Selling WordPress premium themes is a huge market. It highly depends on the meaning of what ‘premium theme’ is or… should be? What are the criteria for WP theme to be named as ‘premium’? Highly subjective, right? I remember the times when authors were competing for adding more page templates in a single theme. Then the first visual page builder has been introduced to the community, and many authors have started adding support of it to their themes. Suddenly has become an era of themes with built-in visual builders. Those are really ‘true premium’ themes, right? I disagree.
No matter what functionality is added to the theme, their real value is in its visual appearance. Even WP themes with built-in visual builders have many pre-built templates which you can choose from any time you struggle with creating something appealing. Am I right? I have an experience of selling premium themes and must say that not less than 50% of positive (overwhelmingly positive 😉 ) reviews were for themes’ visual appearance. Even if your theme lacks some functionality, you may expect to get sales if it is genuinely aesthetical and appealing.
Even if your theme lacks some functionality, you may expect to get sales if it is genuinely aesthetical and appealing.
Now we have a lot of visual page builders; everybody can start creating its site, and they do that. I have seen the examples many times. I am not impressed. Sorry, but this is true. Most of the freelance-developers cannot create something awe-inspiring. Studios and agencies still in demand of good designers who has a taste and can create an excellent design before implementing it in a visual builder. The market for premium themes is still vast and vital in the eco-system. Theme authors add support of different page builders to their WordPress themes, and it looks like more builders are in the wild – more support of them should be added to each item. However, it does not seem to me as the right strategy.
I have a better solution. Before packing themes with a lot of functionality, let’s remind what ‘theme’ really is – it is a presentational unit. Not something that creates custom post types or adds custom fields or enables hundreds of Google Fonts. Not at all. Instead of packing the theme with all of that additional functionality, let’s create simple (technically) WP themes and emphasize on the visual appearance, their astonishing design!
Back to roots. WP ‘theme’ is a presentational unit. Sell a design, not a functionality.

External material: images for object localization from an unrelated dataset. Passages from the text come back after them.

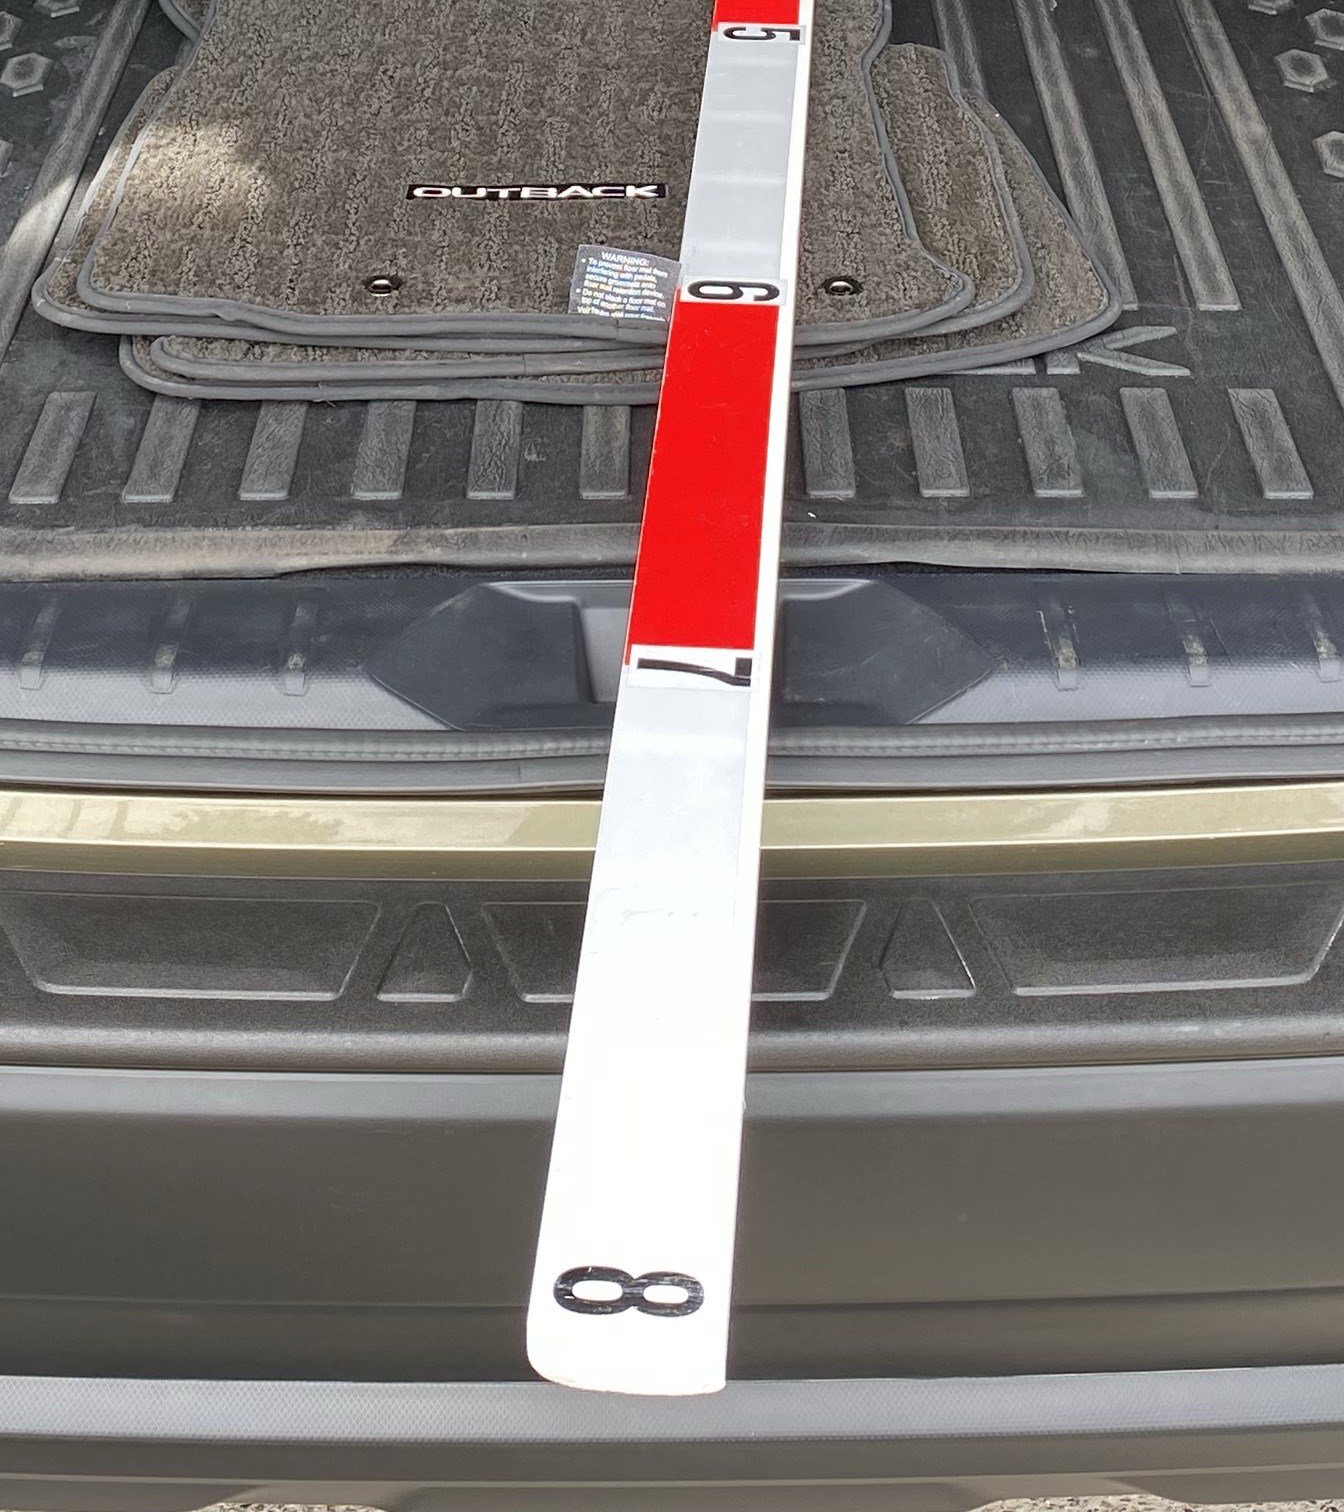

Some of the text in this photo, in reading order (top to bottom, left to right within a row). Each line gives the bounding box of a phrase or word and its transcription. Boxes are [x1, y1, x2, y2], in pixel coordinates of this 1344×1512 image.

[723, 27, 801, 41] 5
[413, 184, 659, 199] OUTBACK
[602, 252, 649, 266] WARNING:
[688, 281, 780, 301] 6
[637, 658, 752, 687] 7
[553, 1266, 704, 1317] 8
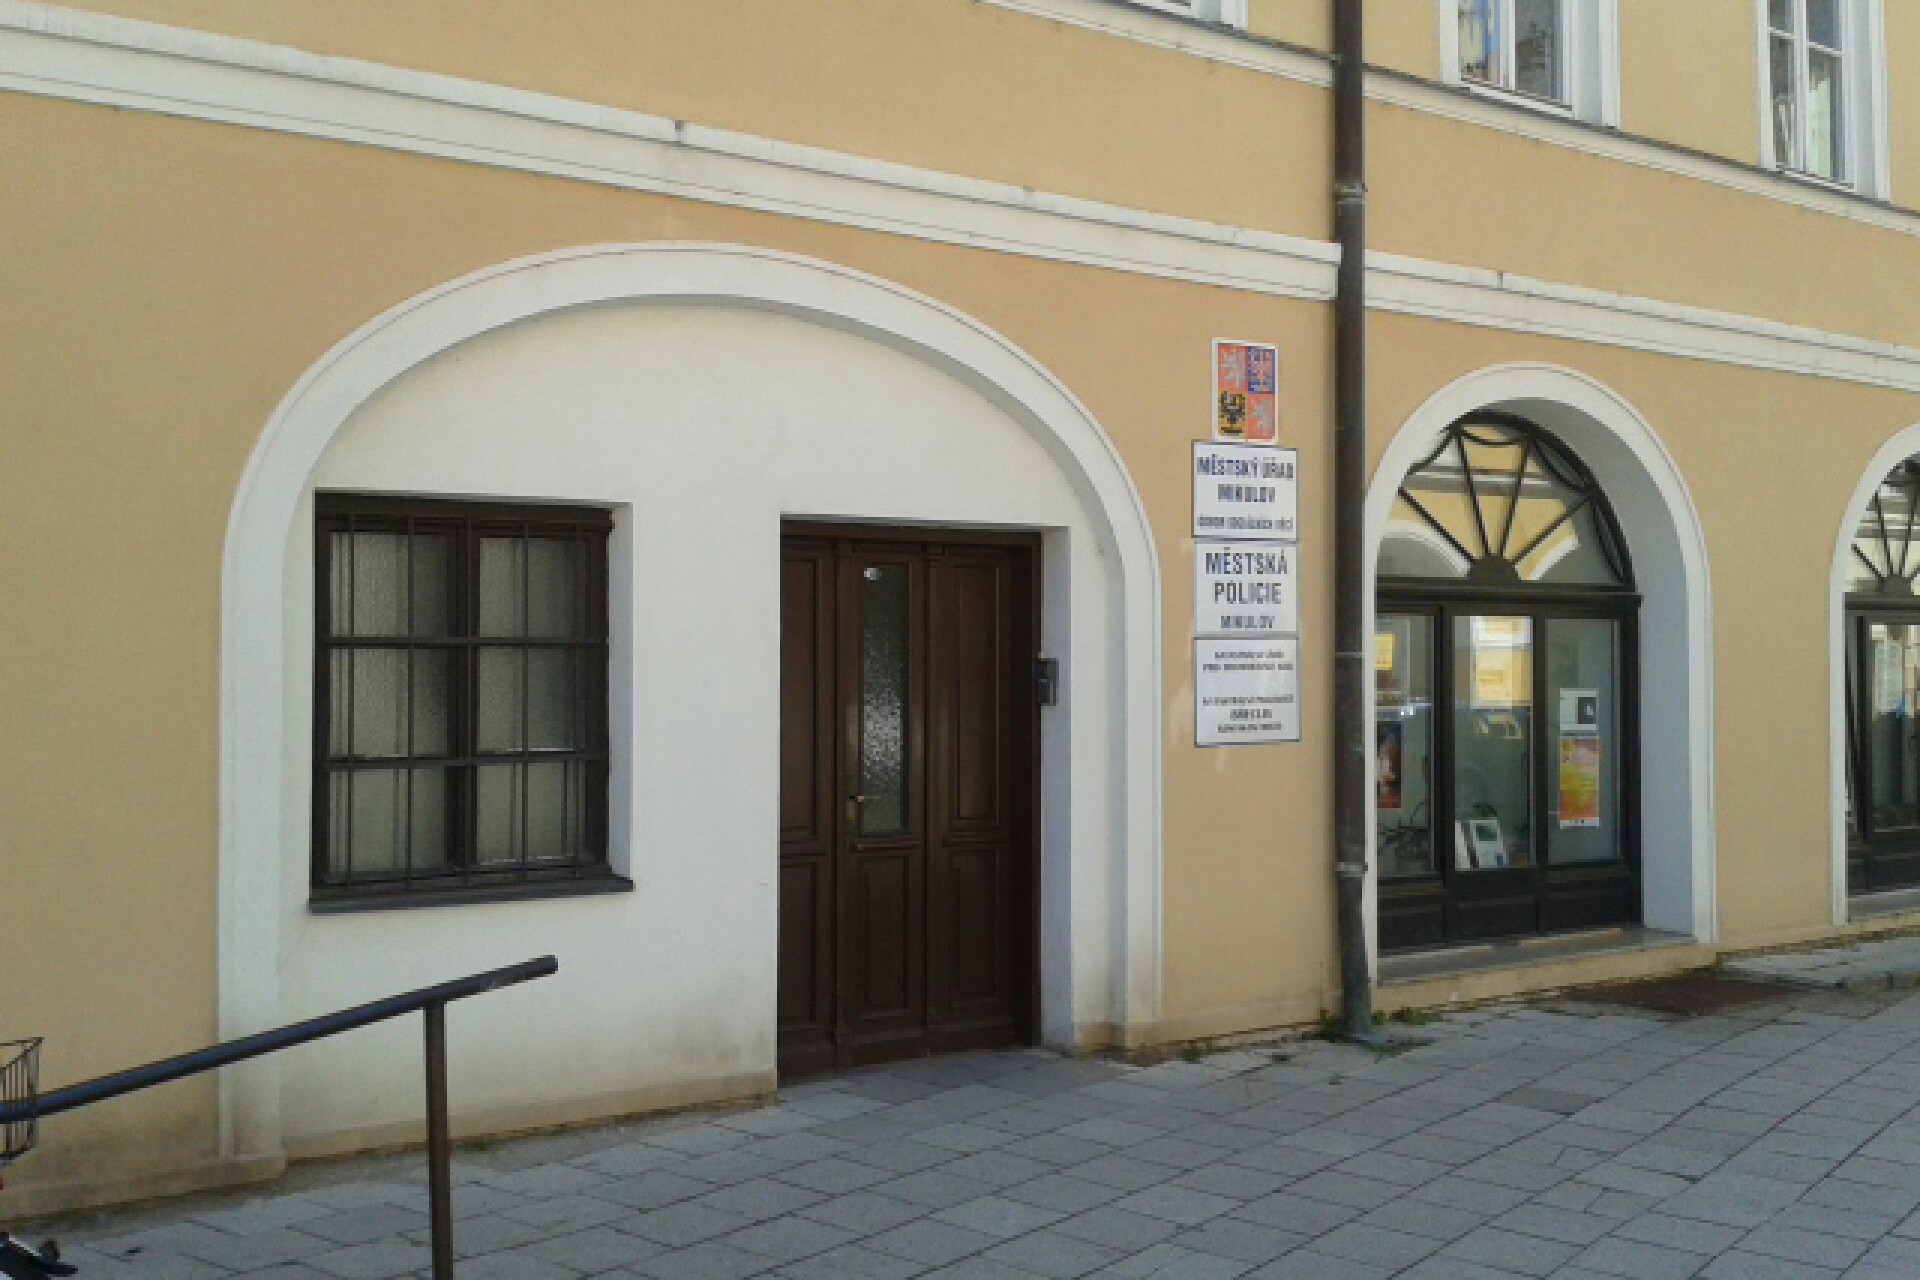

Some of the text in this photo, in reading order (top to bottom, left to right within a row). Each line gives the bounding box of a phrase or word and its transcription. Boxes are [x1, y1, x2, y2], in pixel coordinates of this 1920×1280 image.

[1218, 484, 1276, 502] MIKULOV
[1205, 547, 1288, 574] MĚSTSKÁ
[1214, 581, 1282, 604] POLICIE
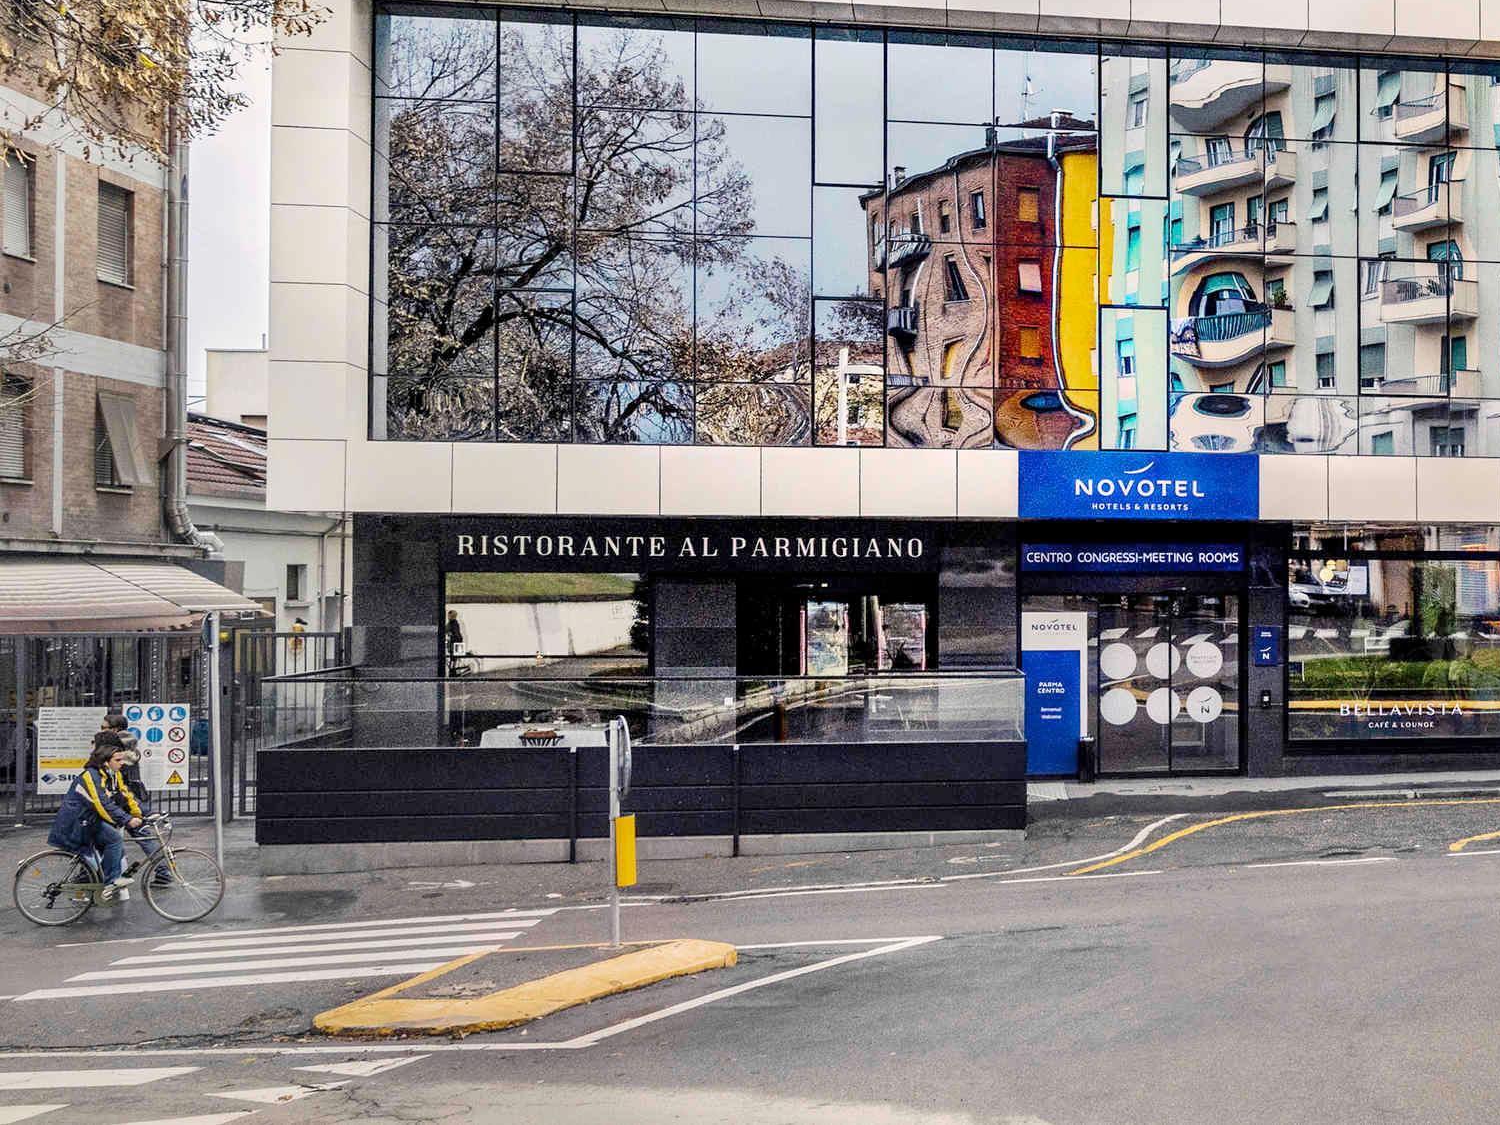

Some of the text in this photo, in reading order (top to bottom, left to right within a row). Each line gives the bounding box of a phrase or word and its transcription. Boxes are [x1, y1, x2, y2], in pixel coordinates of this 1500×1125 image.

How? Use visual page builders! Oh.. they cannot correctly handle this yet? Force them to add such a feature! 🙂 This is what I call ‘the future of premium WP themes’ – selling visual builder’s configs! Custom post types can be created in Pods or Toolset; custom meta fields can be easily added in ACF etc. This or that plugin can add every significant feature. They do the job. They were created for non-tech savvy… designers, of course! Visual page builders are tools to bring everything together. But designers are those who can use such tools properly and drive the web. We have to create a possibility for them to become a standalone (truly standalone, not just “a companion in a small team of developers”!) players on the market of premium WordPress themes.